Talk: The Measure of Translation
We are delighted to give the floor to Michael Wintroub, professor at the University of California, Berkeley.
This autumn, Wintroub has been a fellow of the CAS project The Body in Translation: Historicising and Reinventing Medical Humanities and Knowledge Translation.
He's recent research interests include the history of science, early modern cultural history, and cross-cultural contact, amongst others.
Wintroub received the 2018 BSHS Pickstone Prize for his book The Voyage of Thought: Navigating Knowledge across the Sixteenth-Century World.
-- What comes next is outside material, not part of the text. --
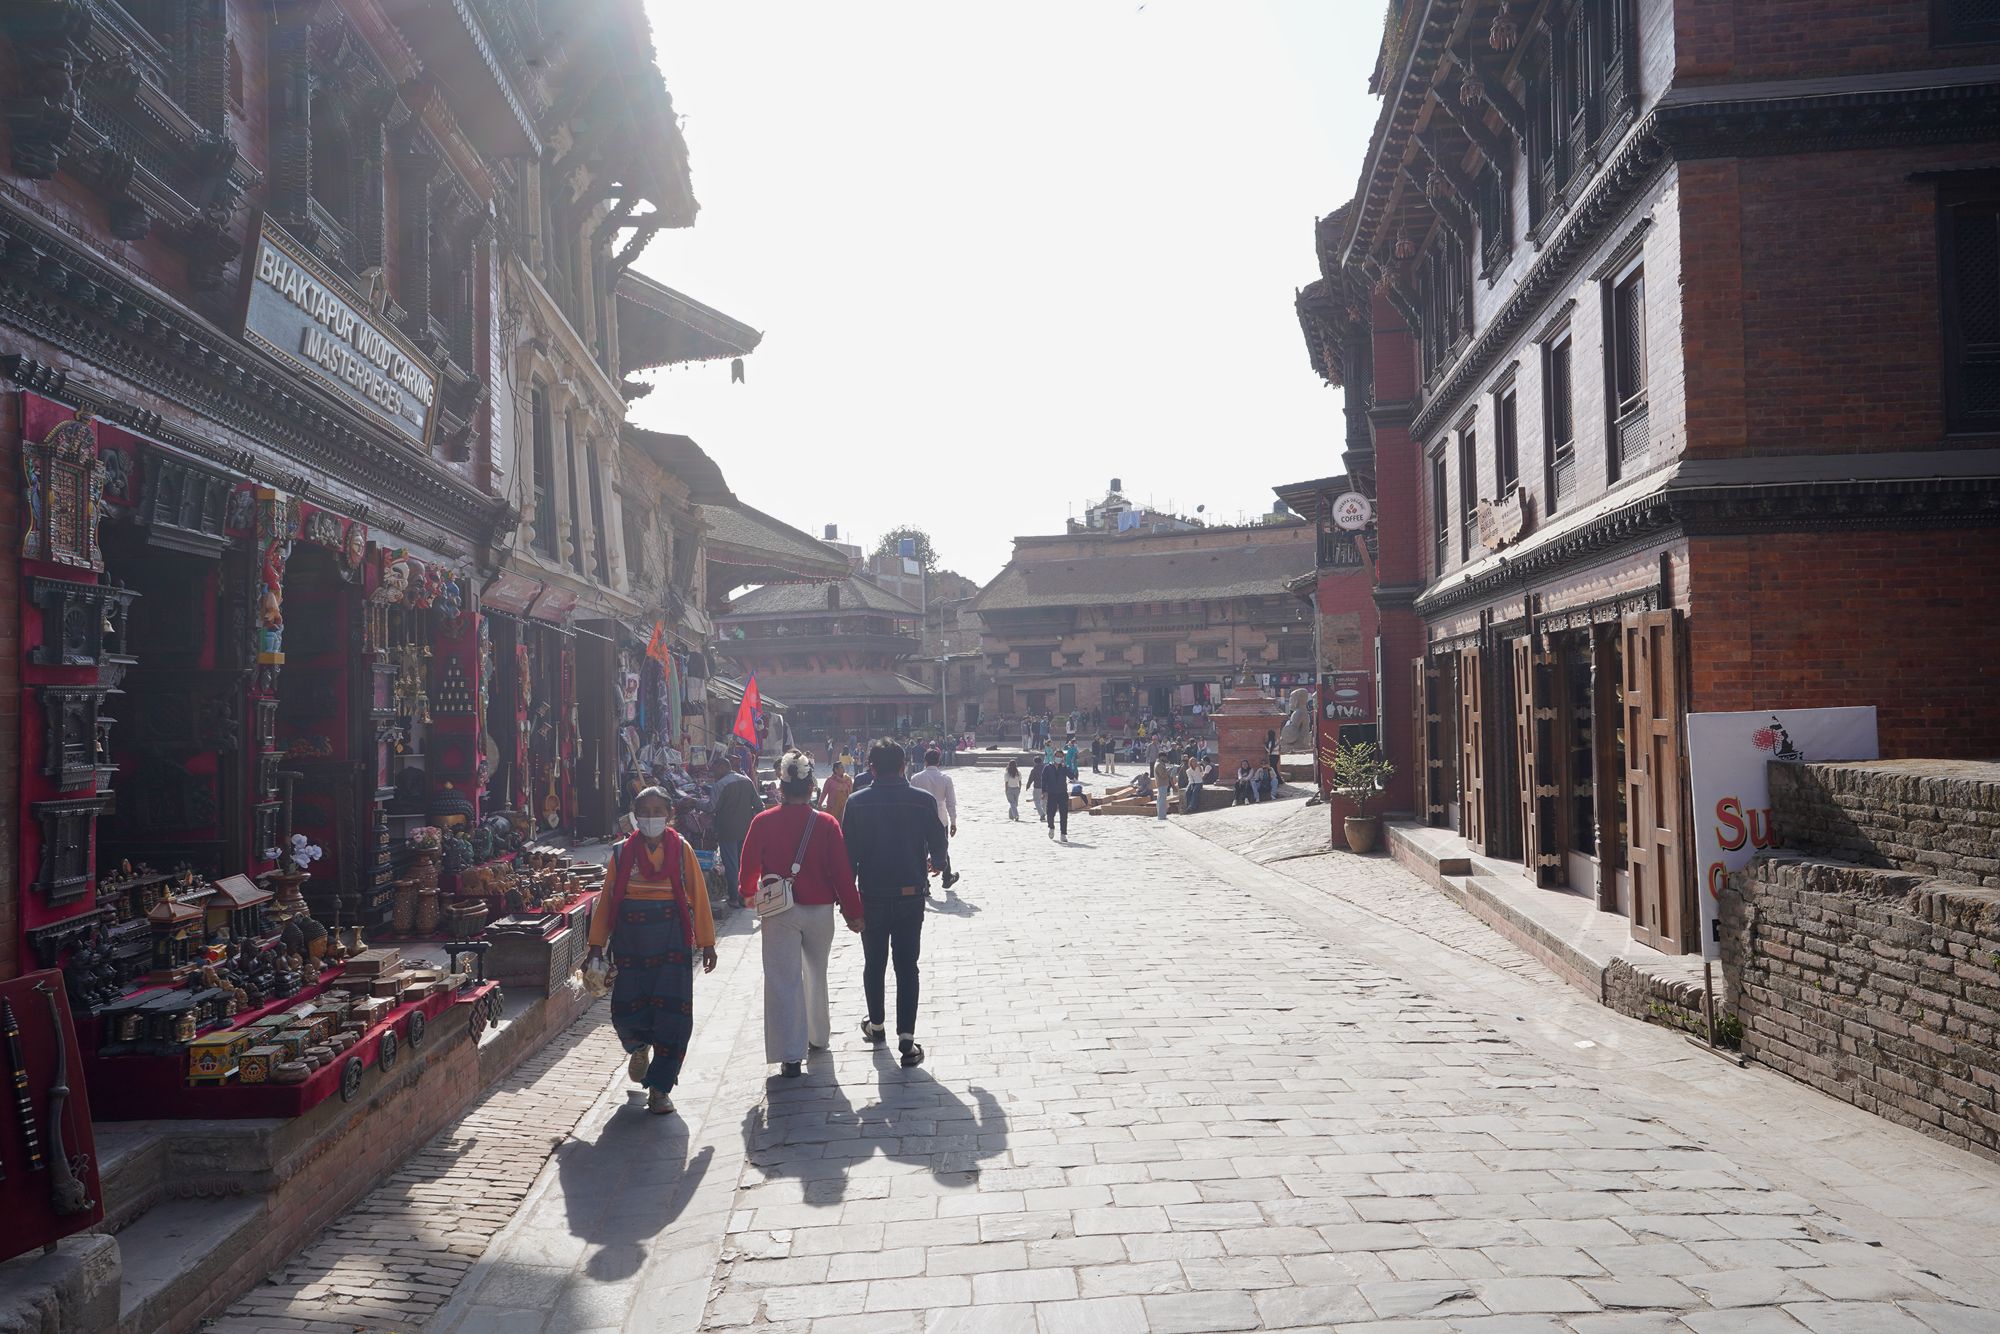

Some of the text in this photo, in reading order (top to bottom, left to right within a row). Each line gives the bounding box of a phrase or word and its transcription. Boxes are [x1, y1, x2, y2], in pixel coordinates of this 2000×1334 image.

[258, 246, 434, 408] BHAKTAPUR WOOD CARVING
[305, 328, 403, 416] MASTERPIECES
[1341, 514, 1363, 522] COFFEE
How does one credit someone or something as reliable and trustworthy? By what measure can honesty be adjudicated and dishonesty punished? How can one confidently approach strangers who cannot be vouchsafed by any accepted criteria of reliability and trustworthiness? What is the measure of trust and how might it be maintained? The 1529 Voyage of Jean Parmentier from Northern France to Sumatra will guide us as we pursue the practices, skills, and improvisations that constitute the precarious balance between trust and betrayal, profit and loss, life and death. By following the trajectory of Parmentier’s ships as they crossed perilous waters to meet and trade with unknown peoples on the other side of the world, we will encounter and try to understand the strategies he employed to negotiate trust, whether between officers and crew, ships and seas, or French merchants and Minangkabau spice traders.